$ sudo make vibe

AI is not free — the costs that never appear on your invoice

· 8 min read

AI is a powerful accelerator, and like every new tool before it, it takes over work humans used to do. Think about the last time you checked the math your spreadsheet did, or the route your GPS picked, or the spelling your phone corrected. You probably cannot remember. That is fine. Those tools get things wrong in predictable ways, and we learned to live with it. The difference is that AI sounds right whether it is or not. That is what makes the human-in-the-loop still essential. Not as a preference, but as the only part of the system that can tell. The hidden costs of AI are what happens when the human steps out of the loop.

Part one of this series covered the costs you can invoice: tokens, API fees, shadow infrastructure, compliance exposure. Those costs are painful but measurable. You can open a dashboard, see a number, and make a decision.

This post is about the costs you cannot invoice. They compound quietly, show up months or years later, and decide whether your AI investment paid off or quietly broke the systems you depend on. There are three of them, and they share a single mechanism.

The hidden cost: technical debt

AI generates plausible code. It does not generate correct code by default. The difference between plausible and correct is exactly the gap that technical debt occupies.

Every piece of AI-generated code that ships without proper review carries debt:

  • Logic that works in the happy path but breaks on edge cases
  • Security assumptions that have not been validated
  • Dependencies that have not been audited
  • Patterns that do not scale
  • Tests that were not written because the AI seemed confident

Technical debt does not appear on an API invoice. It appears six months later when a system breaks under real conditions, when a security audit finds what the model missed, when a new team member cannot understand code that no one fully reviewed when it was written.

The cost of fixing that debt (in engineering time, in incidents, in reputation) dwarfs any API savings.

The most deceptive cost: false confidence

A model that sounds certain is not a model that is correct.

This is the hardest cost to quantify and the easiest to underestimate. AI systems generate responses with consistent fluency regardless of whether they are right or wrong. A hallucinated API endpoint sounds exactly like a real one. An incorrect security configuration is presented with the same confidence as a correct one. A subtle logic error in generated code looks like working code until it does not.

The danger is not that AI gets things wrong. Compilers have bugs. Databases return stale rows. Humans typo. The danger is that AI gets things wrong in a way that feels like it got things right.
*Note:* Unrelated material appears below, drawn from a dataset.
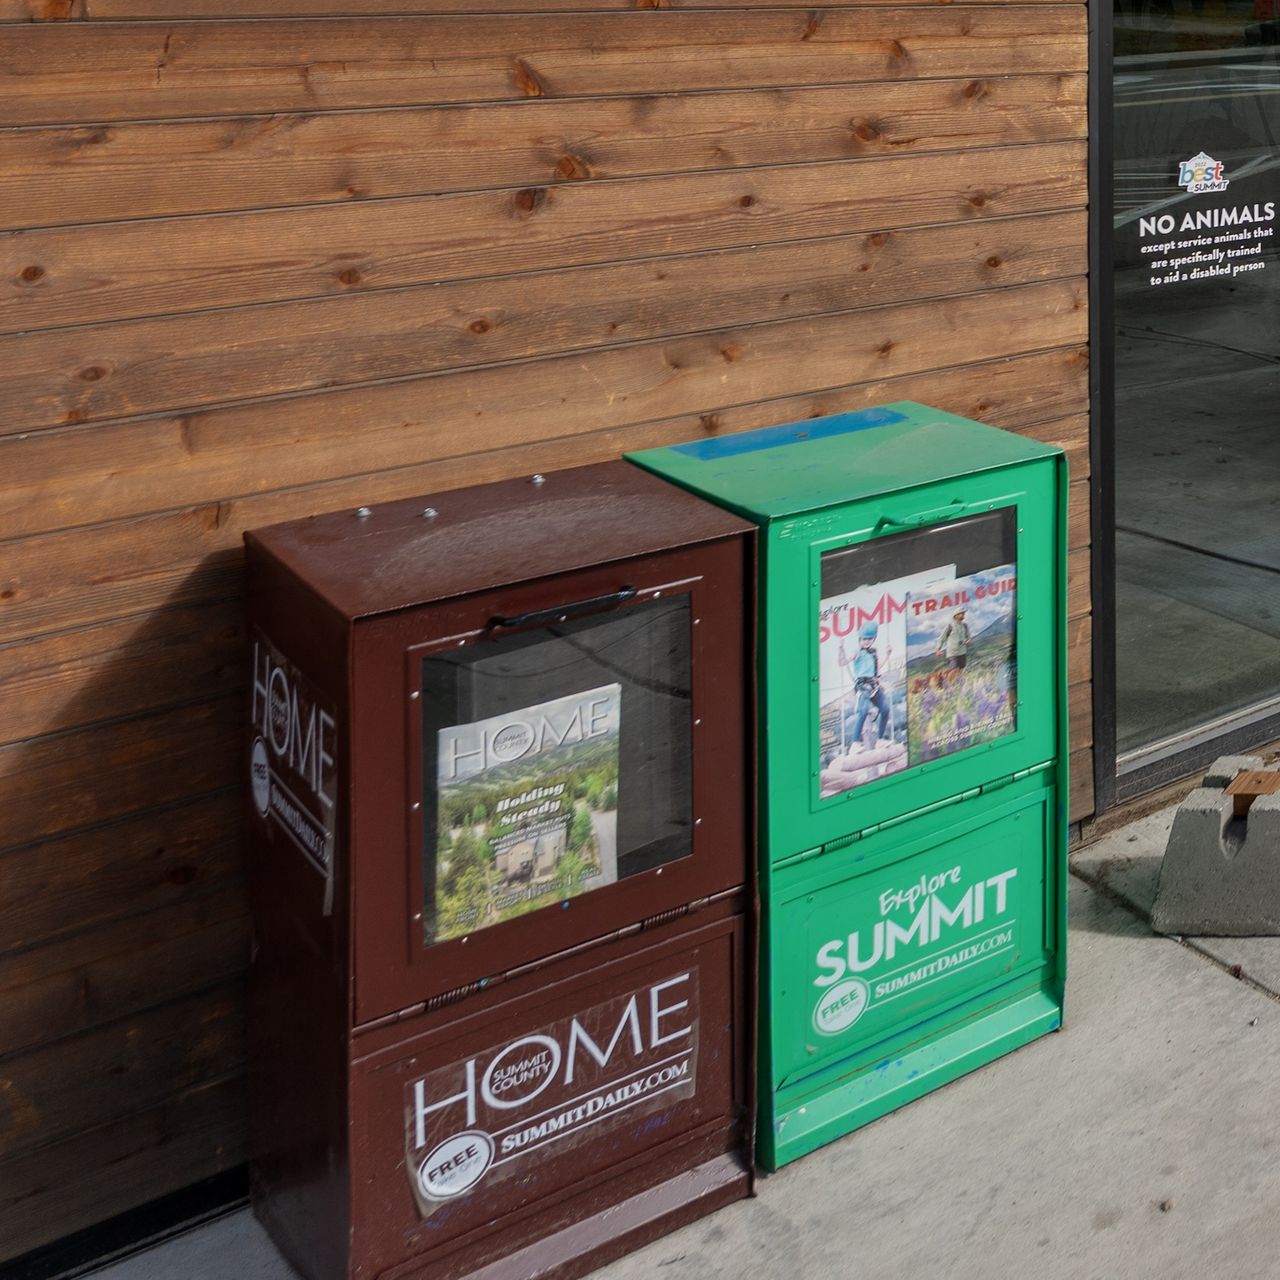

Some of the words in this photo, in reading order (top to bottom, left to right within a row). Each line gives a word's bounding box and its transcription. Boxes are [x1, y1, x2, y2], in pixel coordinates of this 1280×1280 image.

Consider a generated database query that works perfectly in development: correct syntax, returns expected results, passes every test you run. Six months later it brings down production under load because the AI optimized for correctness, not for what happens when ten thousand users hit it simultaneously. It passed review because it looked right. That is not a testing failure. That is false confidence — and it scales with your deployment.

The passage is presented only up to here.